Todas as línguas que as Primeiras Nações americanas nos legaram estão sob ameaça, umas mais que outras. Na América espanhola, a esmagadora hegemonia do espanhol e a visão teórica monista e homogeneizadora dos Estados e suas políticas têm sido uma influência, ao longo da história, contrária ao uso, à conservação e ao desenvolvimento das línguas ameríndias. A partir dessa visão, atribuiu-se à escola um papel civilizador e espanholizante do qual ela ainda não consegue despojar-se. Hoje as ameaças se multiplicam no contexto de dispositivos e de políticas econômicas, sociais, culturais e, inclusive, militares, contrárias aos interesses dos povos indígenas.
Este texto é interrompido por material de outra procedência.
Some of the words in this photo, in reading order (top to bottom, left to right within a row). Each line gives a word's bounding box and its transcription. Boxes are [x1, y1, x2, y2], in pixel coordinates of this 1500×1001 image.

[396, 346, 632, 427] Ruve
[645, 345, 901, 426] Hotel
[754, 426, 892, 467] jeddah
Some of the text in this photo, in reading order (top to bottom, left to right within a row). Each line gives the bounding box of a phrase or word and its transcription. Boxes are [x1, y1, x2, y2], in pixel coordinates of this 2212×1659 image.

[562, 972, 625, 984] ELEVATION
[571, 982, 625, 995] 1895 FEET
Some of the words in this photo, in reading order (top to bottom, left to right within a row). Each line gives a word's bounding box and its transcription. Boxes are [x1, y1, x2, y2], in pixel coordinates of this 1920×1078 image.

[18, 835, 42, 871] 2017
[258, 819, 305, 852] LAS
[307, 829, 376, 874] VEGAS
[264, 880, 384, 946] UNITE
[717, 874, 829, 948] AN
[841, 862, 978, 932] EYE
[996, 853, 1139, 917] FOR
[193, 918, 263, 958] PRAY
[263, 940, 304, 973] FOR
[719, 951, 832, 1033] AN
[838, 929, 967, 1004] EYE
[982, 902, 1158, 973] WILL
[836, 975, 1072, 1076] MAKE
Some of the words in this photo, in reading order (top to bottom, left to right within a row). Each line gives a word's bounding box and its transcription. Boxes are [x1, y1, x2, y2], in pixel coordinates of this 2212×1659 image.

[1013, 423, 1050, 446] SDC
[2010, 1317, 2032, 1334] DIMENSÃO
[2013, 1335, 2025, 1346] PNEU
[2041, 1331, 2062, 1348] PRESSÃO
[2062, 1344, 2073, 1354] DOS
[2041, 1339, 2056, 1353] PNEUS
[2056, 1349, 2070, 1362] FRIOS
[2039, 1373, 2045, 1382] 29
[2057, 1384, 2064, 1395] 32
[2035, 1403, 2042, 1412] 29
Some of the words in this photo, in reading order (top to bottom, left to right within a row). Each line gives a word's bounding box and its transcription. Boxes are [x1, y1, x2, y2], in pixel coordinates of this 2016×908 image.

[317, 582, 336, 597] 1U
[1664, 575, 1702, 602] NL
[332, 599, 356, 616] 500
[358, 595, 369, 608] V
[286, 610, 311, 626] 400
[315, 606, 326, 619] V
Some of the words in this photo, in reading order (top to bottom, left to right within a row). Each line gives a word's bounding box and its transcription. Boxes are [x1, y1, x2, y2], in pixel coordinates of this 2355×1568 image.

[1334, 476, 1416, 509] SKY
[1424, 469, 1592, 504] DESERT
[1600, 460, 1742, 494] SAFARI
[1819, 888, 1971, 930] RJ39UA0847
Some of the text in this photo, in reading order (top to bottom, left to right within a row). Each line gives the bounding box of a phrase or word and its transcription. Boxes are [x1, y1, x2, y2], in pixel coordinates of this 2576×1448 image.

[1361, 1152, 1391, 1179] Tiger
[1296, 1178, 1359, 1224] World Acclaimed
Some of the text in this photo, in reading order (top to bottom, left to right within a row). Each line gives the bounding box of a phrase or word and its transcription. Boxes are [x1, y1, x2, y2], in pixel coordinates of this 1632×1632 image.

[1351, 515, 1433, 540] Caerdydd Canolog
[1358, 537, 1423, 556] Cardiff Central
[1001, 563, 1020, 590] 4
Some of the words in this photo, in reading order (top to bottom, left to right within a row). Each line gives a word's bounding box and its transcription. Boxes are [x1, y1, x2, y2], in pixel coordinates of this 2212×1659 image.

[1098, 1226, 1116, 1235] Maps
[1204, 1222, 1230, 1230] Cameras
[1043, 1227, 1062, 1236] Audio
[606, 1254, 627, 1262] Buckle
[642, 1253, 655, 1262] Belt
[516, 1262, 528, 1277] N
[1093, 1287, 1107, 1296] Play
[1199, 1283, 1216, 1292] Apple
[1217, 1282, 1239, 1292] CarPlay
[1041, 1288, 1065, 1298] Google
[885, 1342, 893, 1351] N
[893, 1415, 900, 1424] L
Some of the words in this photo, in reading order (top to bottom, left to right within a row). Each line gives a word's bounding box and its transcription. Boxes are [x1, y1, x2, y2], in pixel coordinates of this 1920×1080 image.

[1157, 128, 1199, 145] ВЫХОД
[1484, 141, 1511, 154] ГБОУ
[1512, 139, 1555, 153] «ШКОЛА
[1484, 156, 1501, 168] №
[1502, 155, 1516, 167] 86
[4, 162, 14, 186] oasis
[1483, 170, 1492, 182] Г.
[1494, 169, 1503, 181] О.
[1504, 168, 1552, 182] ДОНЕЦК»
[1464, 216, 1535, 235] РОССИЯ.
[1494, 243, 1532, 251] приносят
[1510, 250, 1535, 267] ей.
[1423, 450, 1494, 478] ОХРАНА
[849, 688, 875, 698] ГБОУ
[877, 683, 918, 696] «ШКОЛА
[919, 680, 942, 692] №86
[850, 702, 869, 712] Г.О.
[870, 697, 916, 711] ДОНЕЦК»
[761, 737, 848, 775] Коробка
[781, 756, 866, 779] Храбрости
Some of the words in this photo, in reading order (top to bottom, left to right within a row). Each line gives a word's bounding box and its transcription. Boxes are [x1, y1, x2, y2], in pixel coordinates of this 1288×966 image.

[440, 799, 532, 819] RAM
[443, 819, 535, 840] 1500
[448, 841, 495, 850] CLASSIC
Ainda que no âmbito global haja maior consciência sobre os direitos coletivos e individuais desses povos e sobre a diversidade étnica, cultural e linguística em geral, na América Latina persistem ideologias e visões contrárias à heterogeneidade cultural e linguística que caracteriza o continente. O eurocentrismo, a discriminação e o racismo reinantes repercutem de maneira negativa na atitude dos falantes de espanhol, que não demonstram receptividade suficiente e motivação diante da diversidade idiomática e da aprendizagem das línguas originárias da América.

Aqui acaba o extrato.